Uitspraak
RECHTBANK GELDERLAND
1.[eiseres sub 1] ,
[eiseres sub 2],
[eiseres sub 3],
1.[gedaagde sub 1] ,
[gedaagde sub 2],
Rechtbank Gelderland
In deze hersteluitspraak van de Rechtbank Gelderland, gedateerd 19 september 2024, wordt het verzoek van gedaagde 1 om aanvulling van een eerder vonnis van 6 maart 2024 afgewezen. Gedaagde 1 had verzocht om de eisers te veroordelen in de proceskosten, omdat alle vorderingen tegen gedaagde 1 waren afgewezen. De rechtbank heeft de eisers in de gelegenheid gesteld om hun standpunt over dit verzoek kenbaar te maken. De advocaat van de eisers, mr. E.R. Looijen, heeft bezwaar gemaakt tegen het verzoek van gedaagde 1.

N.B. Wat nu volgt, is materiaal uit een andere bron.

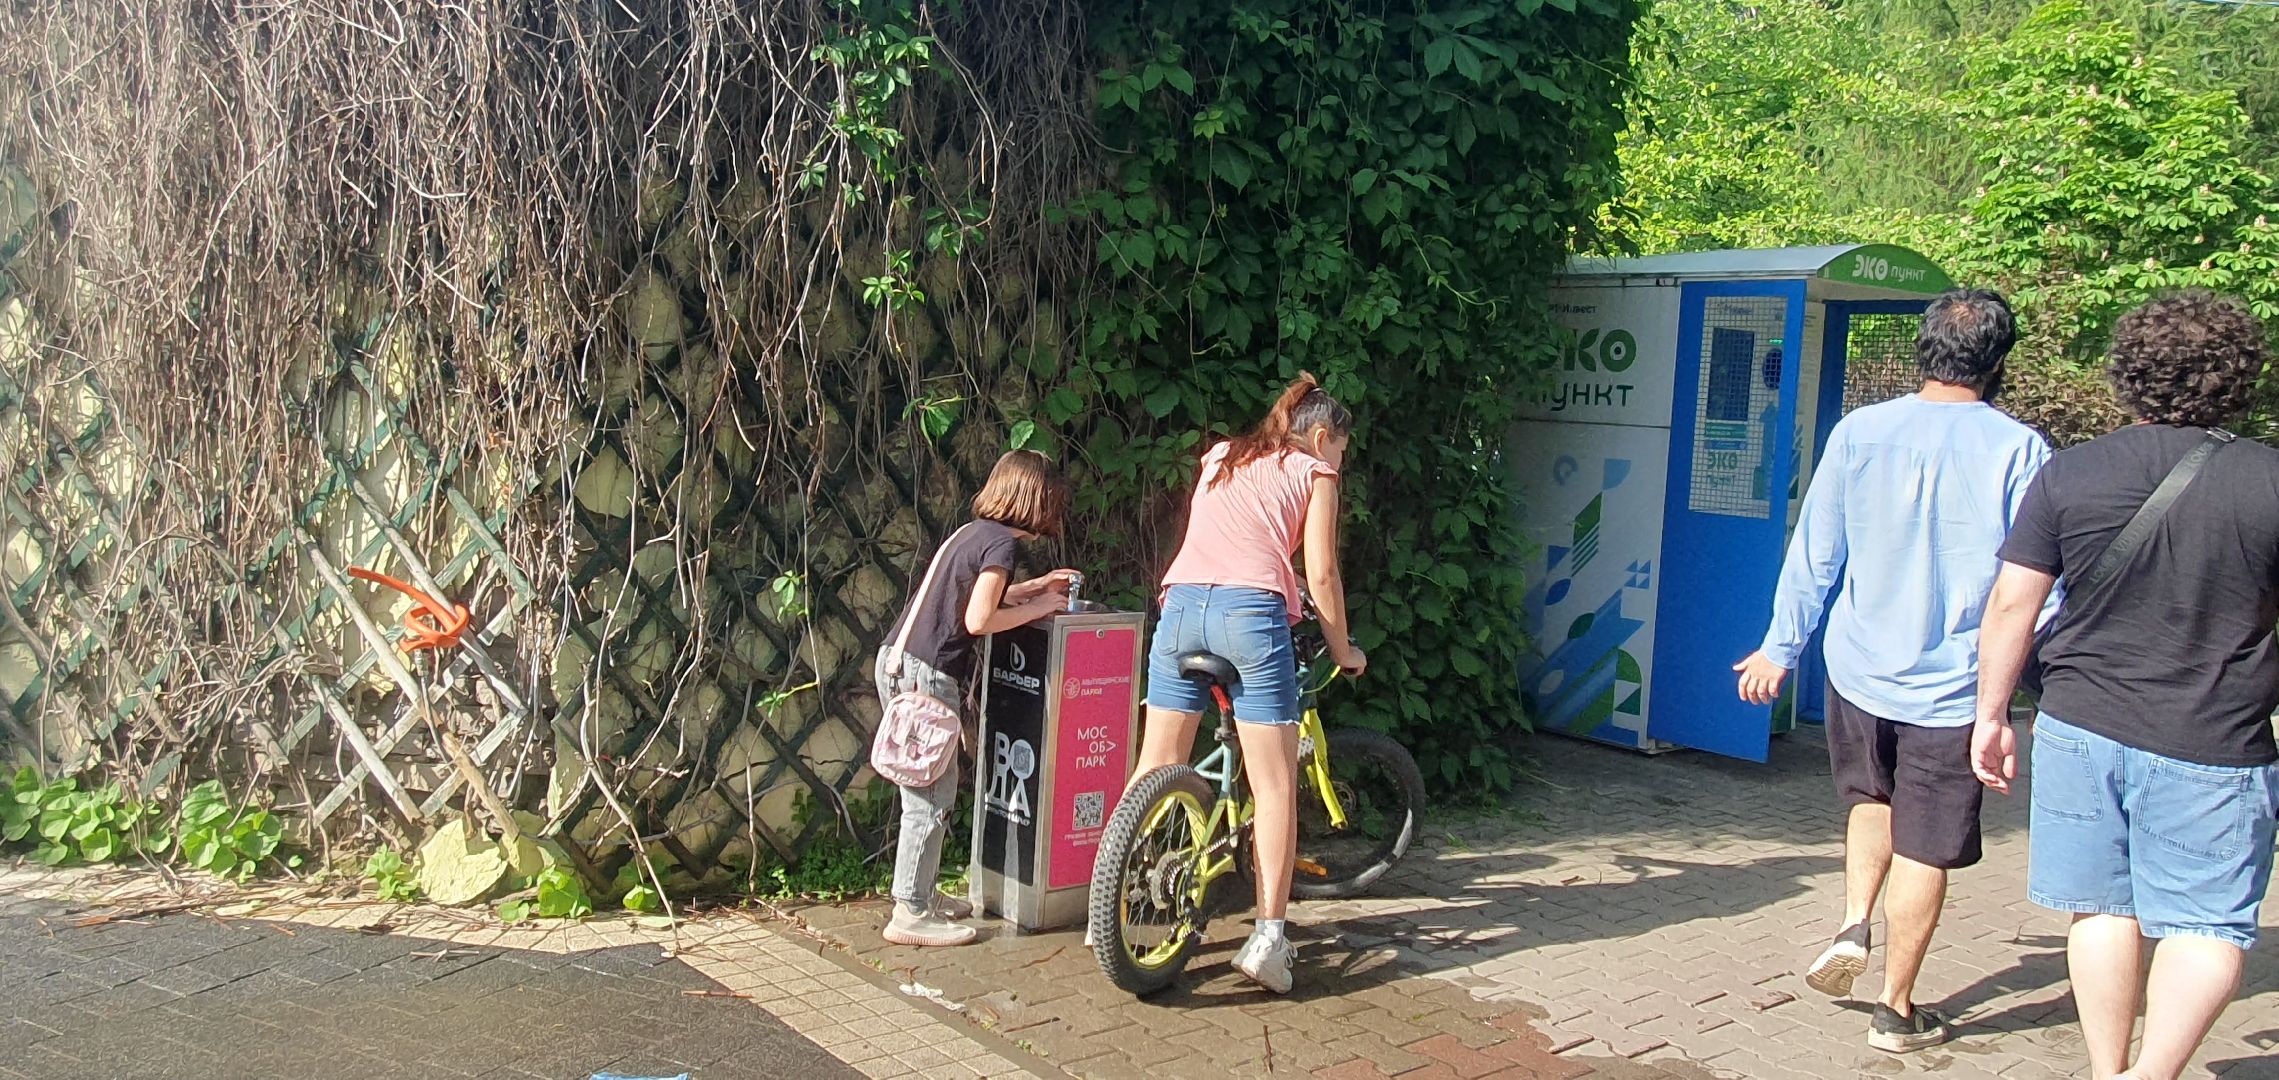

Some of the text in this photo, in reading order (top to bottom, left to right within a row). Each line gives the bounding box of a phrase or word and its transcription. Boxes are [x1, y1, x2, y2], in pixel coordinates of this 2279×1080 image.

[1852, 254, 1927, 282] ЭКО пункт
[1538, 328, 1637, 373] КО
[1708, 451, 1738, 470] ЭКО
[993, 667, 1040, 689] БАРЬЕР
[1077, 726, 1108, 740] МОС
[1076, 755, 1107, 769] ПАРК
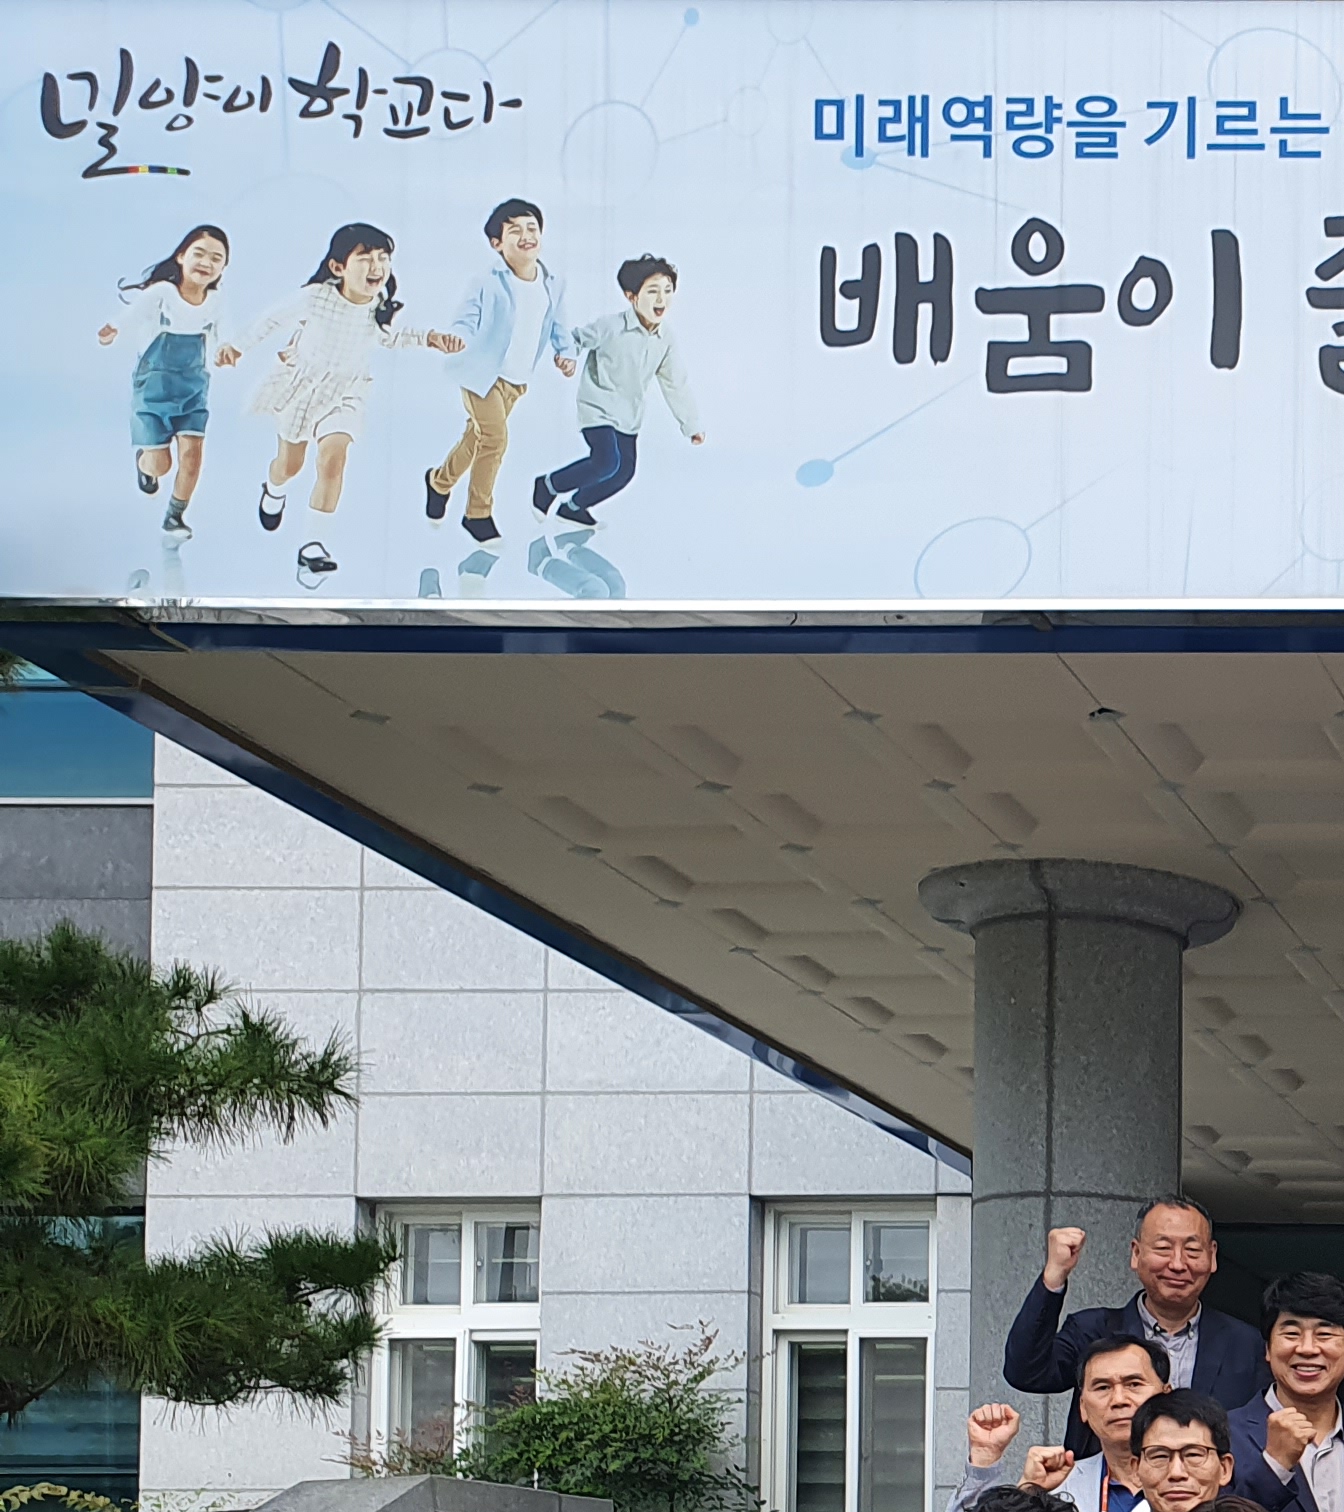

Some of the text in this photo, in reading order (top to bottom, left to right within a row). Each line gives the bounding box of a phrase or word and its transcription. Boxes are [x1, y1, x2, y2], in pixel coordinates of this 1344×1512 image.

De rechtbank overweegt dat op grond van artikel 32 lid 1 van het Wetboek van Burgerlijke Rechtsvordering een rechter te allen tijde op verzoek van een partij zijn vonnis kan aanvullen indien hij heeft verzuimd te beslissen over een onderdeel van het gevorderde. De rechtbank stelt vast dat dit hier niet het geval is. In het eerdere vonnis is bedoeld om één gezamenlijke proceskostenveroordeling uit te spreken, aangezien gedaagde 1 en gedaagde 2 samen met dezelfde advocaat in het geding zijn verschenen en gezamenlijk verweer hebben gevoerd. Er is slechts eenmaal griffierecht in rekening gebracht en beide gedaagden hebben gezamenlijk proceskosten gemaakt. Daarom is er geen sprake van een verzuim te beslissen over een onderdeel van het gevorderde, en is het verzoek om aanvulling niet toewijsbaar.
De rechtbank wijst het verzoek om aanvulling van het vonnis van 6 maart 2024 af, en dit vonnis is openbaar uitgesproken op 19 september 2024.